Every day of the time you were sick was one of those days. From the minute I heard Daddy scratchy on the other end of the phone line telling me that you were at the hospital. From the first to third time I made him repeat himself because it made no sense, this thing that he was saying. Beydn has Leukemia.  It sounded dirty. That’s the only word I have for it. Leukemia. How was it even possible? The world upended into nothing.


When you were little, 3 and 4 and even after your brother was born, you and I would stay up late when Daddy went to bed for work the next day. You’d pick out books to read and sit on the arm of the recliner while your brother nursed to sleep. It was the time I got to really be with you. You’d press your body up close on my arm to stay on your perch, and we’d read Berenstain Bears. Caleb would fall asleep, and we'd pretzel our way out of the chair to take him to bed. You'd brush teeth with Sponge Bob tooth paste. The other one makes your mouth burn; it was adult toothpaste in disguise.  And when it was time to sleep “Lay with me” you’d con.  And I would.  And you would talk.  This was before cancer, before too cool kid syndrome, before Kansas.  The summer you were 6 years old.

I can’t remember all the things you’d tell me, just about some of them.  About wanting a little dog. No, you already have a dog, dude.  About swimming.  You’re a fish.  About your brothers. You know how to take care of babies. And your mommy. You need to call her tomorrow.  And playing with Kayla at your Mimi’s. I know you’re ready to go back there. About Kevin joking and holding you up to the ceiling fan. No, the fan can't chop you up. About what you want to do as a grown up. Race cars. Doctor dolphins. You can do absolutely anything you decide.
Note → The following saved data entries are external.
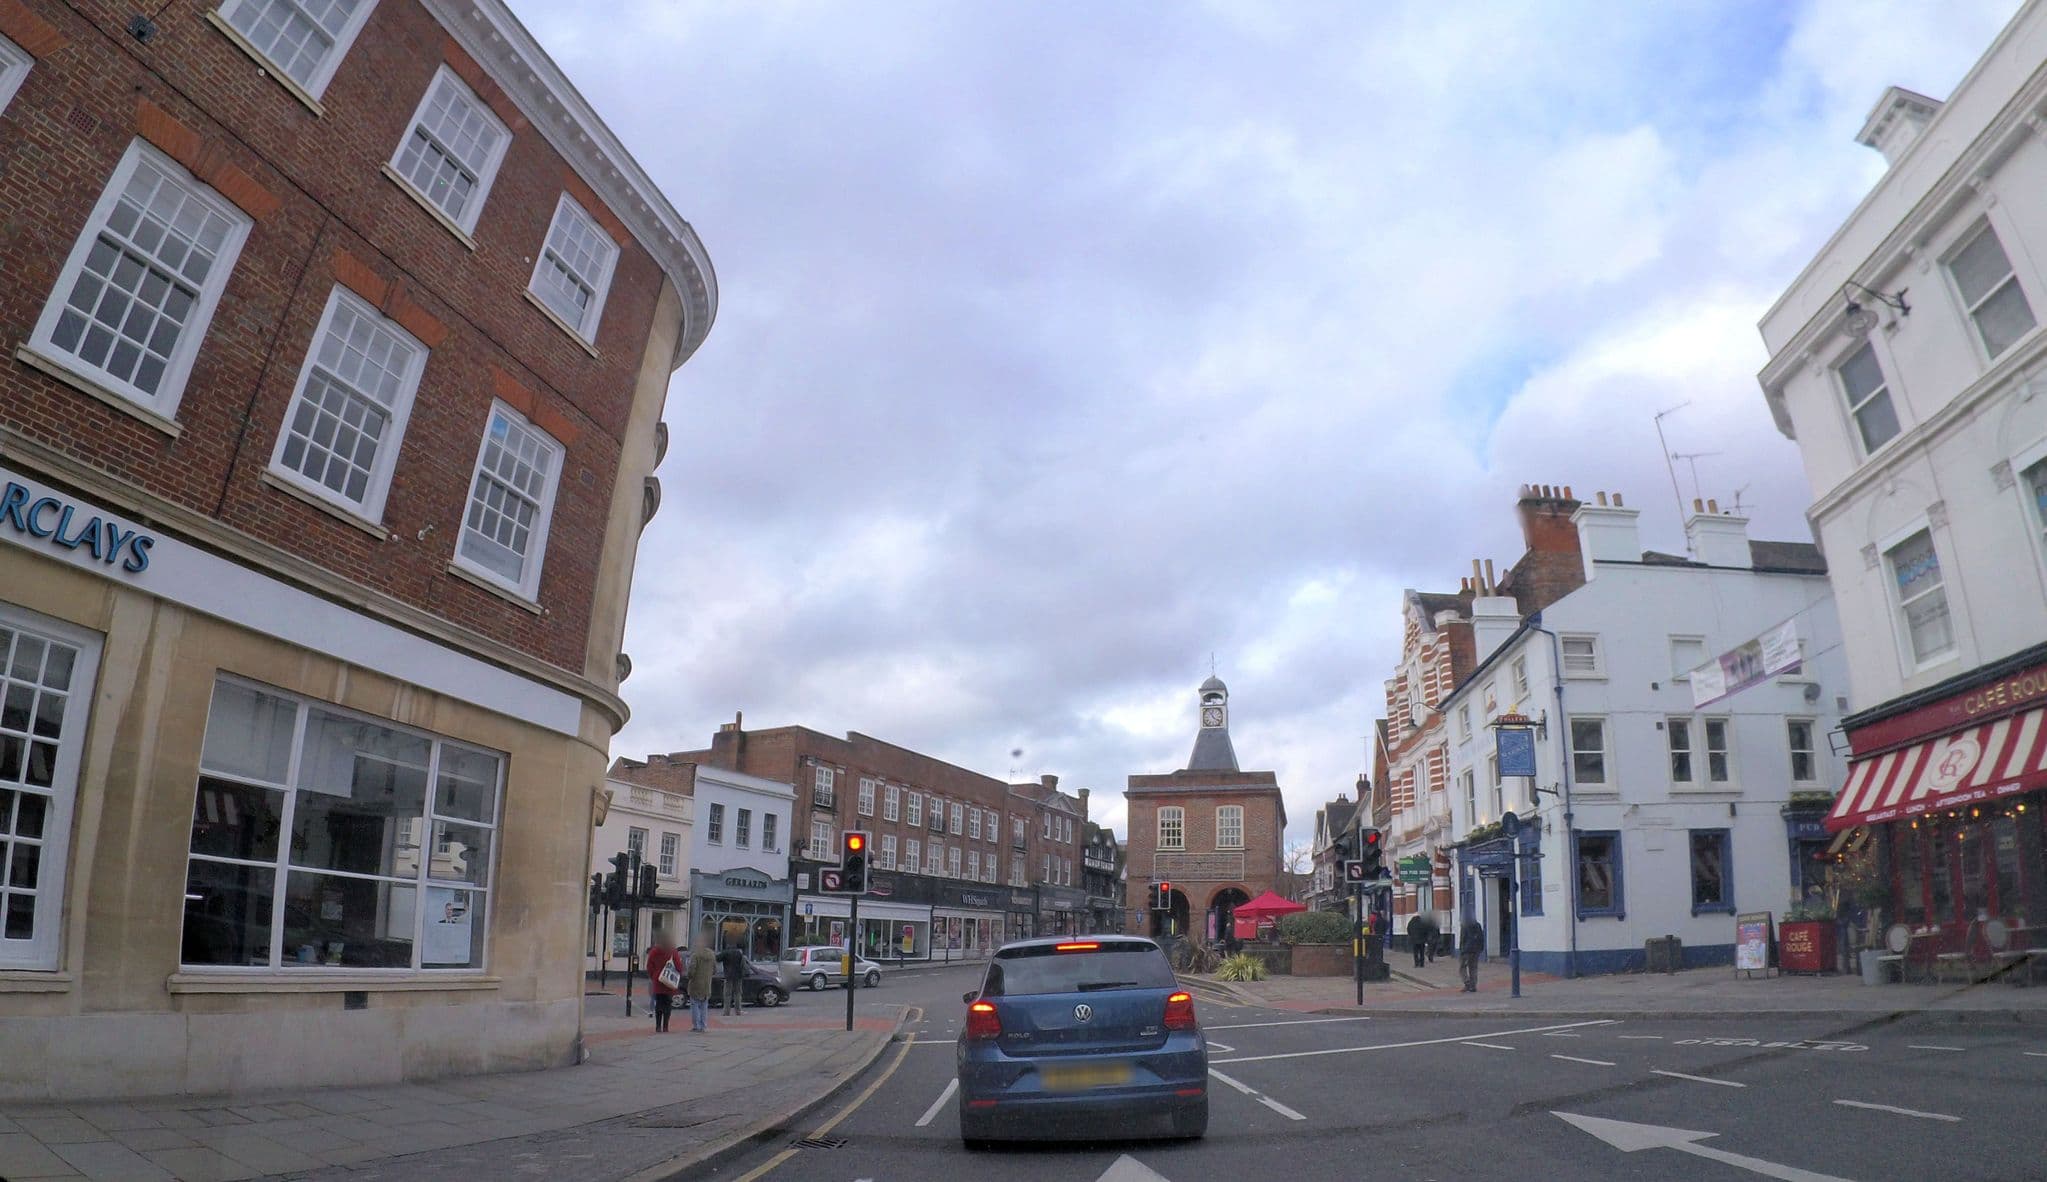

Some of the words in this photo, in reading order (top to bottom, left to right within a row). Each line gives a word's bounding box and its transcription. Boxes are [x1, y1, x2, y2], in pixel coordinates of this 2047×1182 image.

[0, 481, 155, 572] RCLAYS
[1965, 682, 2007, 715] CAFÉ
[1906, 804, 1925, 814] LUNCH
[1936, 793, 1972, 808] AFTERNOON
[1974, 790, 1986, 799] TEA
[1997, 782, 2021, 795] DINNER
[1785, 942, 1814, 953] ROUGE
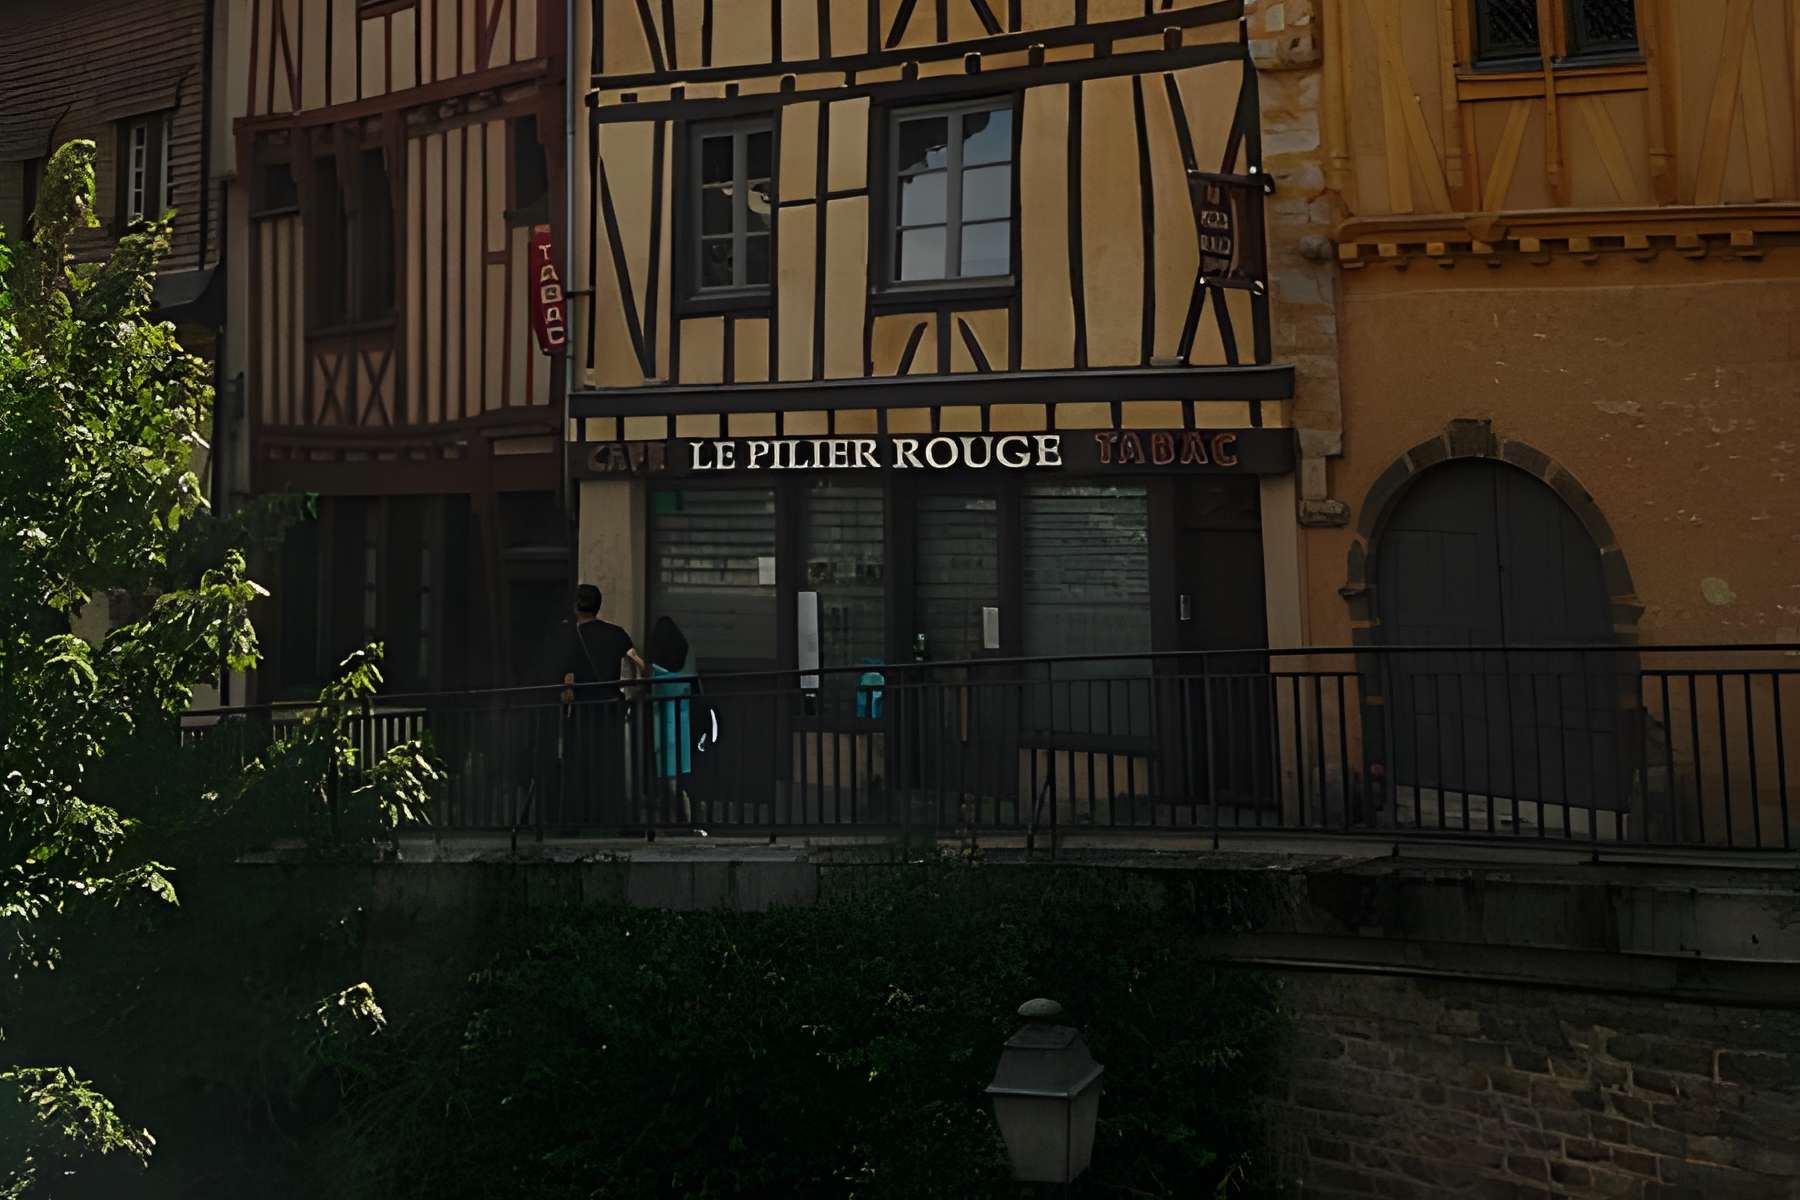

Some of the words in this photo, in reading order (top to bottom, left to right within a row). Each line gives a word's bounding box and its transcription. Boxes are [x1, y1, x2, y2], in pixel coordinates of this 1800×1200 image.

[538, 243, 566, 345] TABAC
[688, 440, 736, 470] LE
[746, 438, 881, 469] PILIER
[891, 434, 1063, 469] ROUGE
[1095, 430, 1239, 467] TABAC
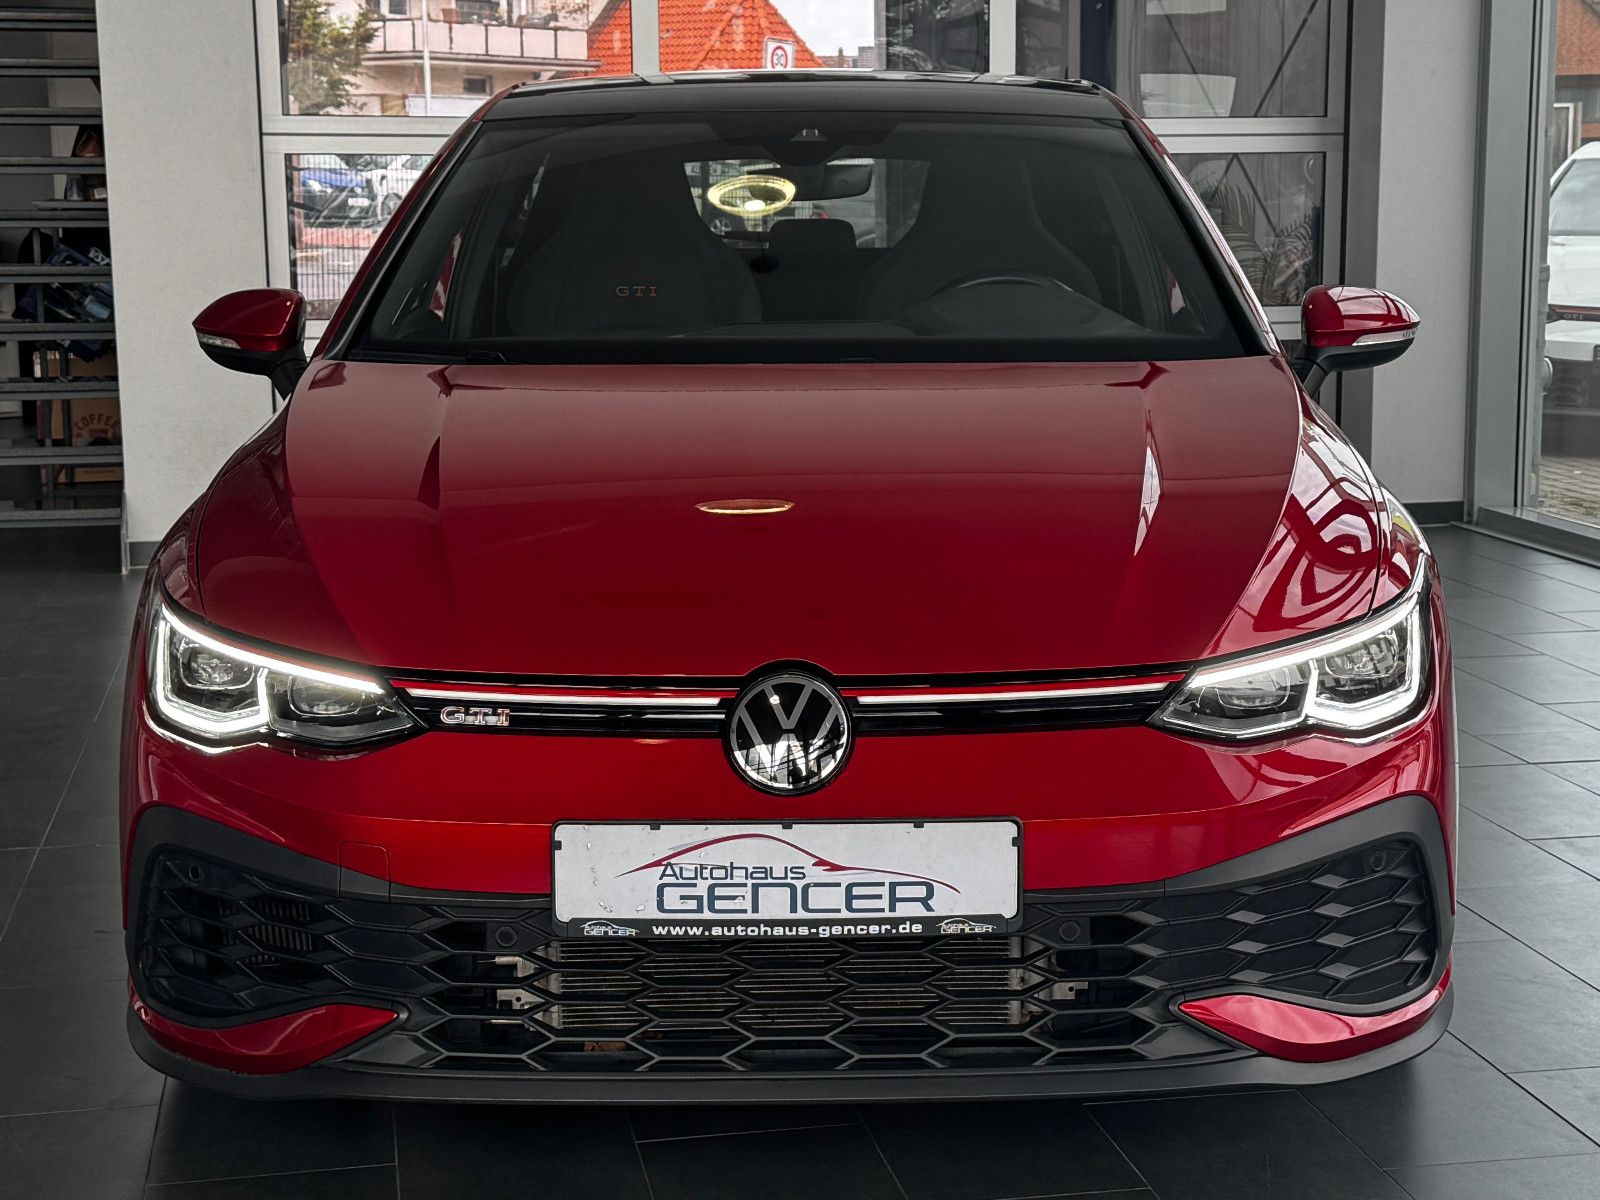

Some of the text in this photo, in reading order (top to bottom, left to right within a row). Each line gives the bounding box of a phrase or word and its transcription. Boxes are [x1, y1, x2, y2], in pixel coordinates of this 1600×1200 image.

Sometimes I wouldn’t be able to wait you out. I’d wake up at 3 am curled at your feet in a ball. But usually, eventually, maybe two hours later, you’d be asleep.  I would pull the blanket up to your ears, kiss your head  in the red glow of your spiderman lamp, and tell you how much I love you.  Then, because it always seemed wrong coming from just me, I would make the list.  And Daddy loves you. And Mommy loves you. And Kevin loves you. And Mimi. And Kayla. And your brothers. And all your grandparents. And Aunt Jeneatta and Uncle Noah.  All your aunts and uncles. You’re so lucky to have so many people who love you, Beydn.  And you’re so good. Everybody loves you, buddy. 

This is what I used to tell you on a normal day.

And it’s what I told you on your last.